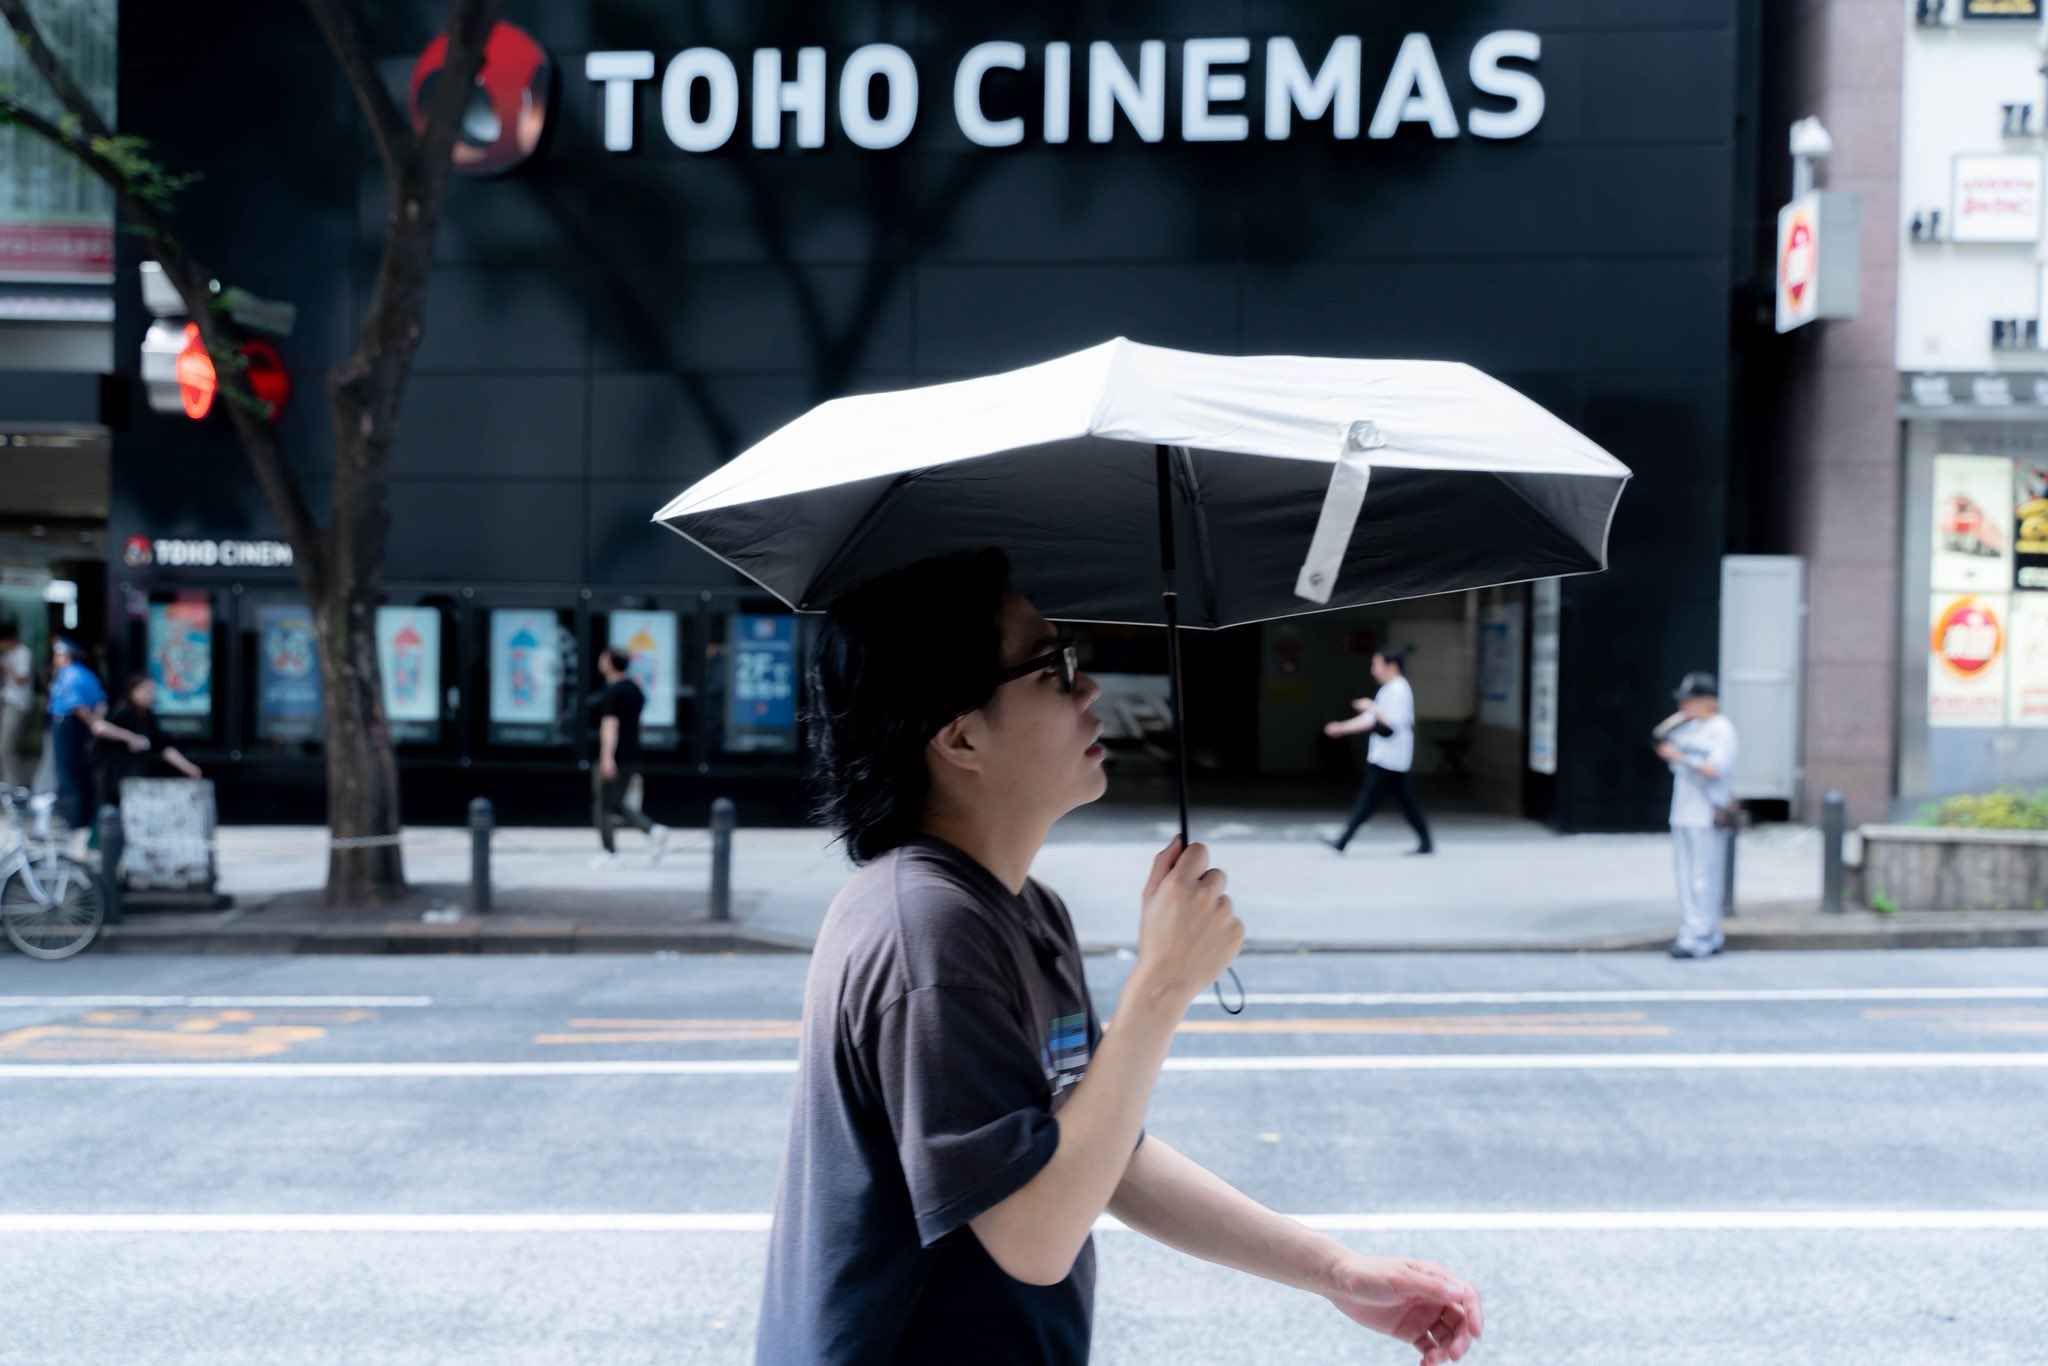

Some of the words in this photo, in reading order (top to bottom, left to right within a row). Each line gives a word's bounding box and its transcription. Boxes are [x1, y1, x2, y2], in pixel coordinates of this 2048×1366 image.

[584, 42, 919, 151] TOHO
[952, 29, 1546, 147] CINEMAS
[153, 539, 218, 566] TOHO
[219, 540, 294, 567] CINEM
◆ ◆ ◆ ◆ ◆ ◆ ◆
Try it — Your job is to transcribe the entries above exactly; skip the pictures.

Exercise output —
Some of the words in this photo, in reading order (top to bottom, left to right within a row). Each line gives a word's bounding box and its transcription. Boxes are [x1, y1, x2, y2], in pixel coordinates of this 2048×1366 image.

[584, 42, 919, 151] TOHO
[952, 29, 1546, 147] CINEMAS
[153, 539, 218, 566] TOHO
[219, 540, 294, 567] CINEM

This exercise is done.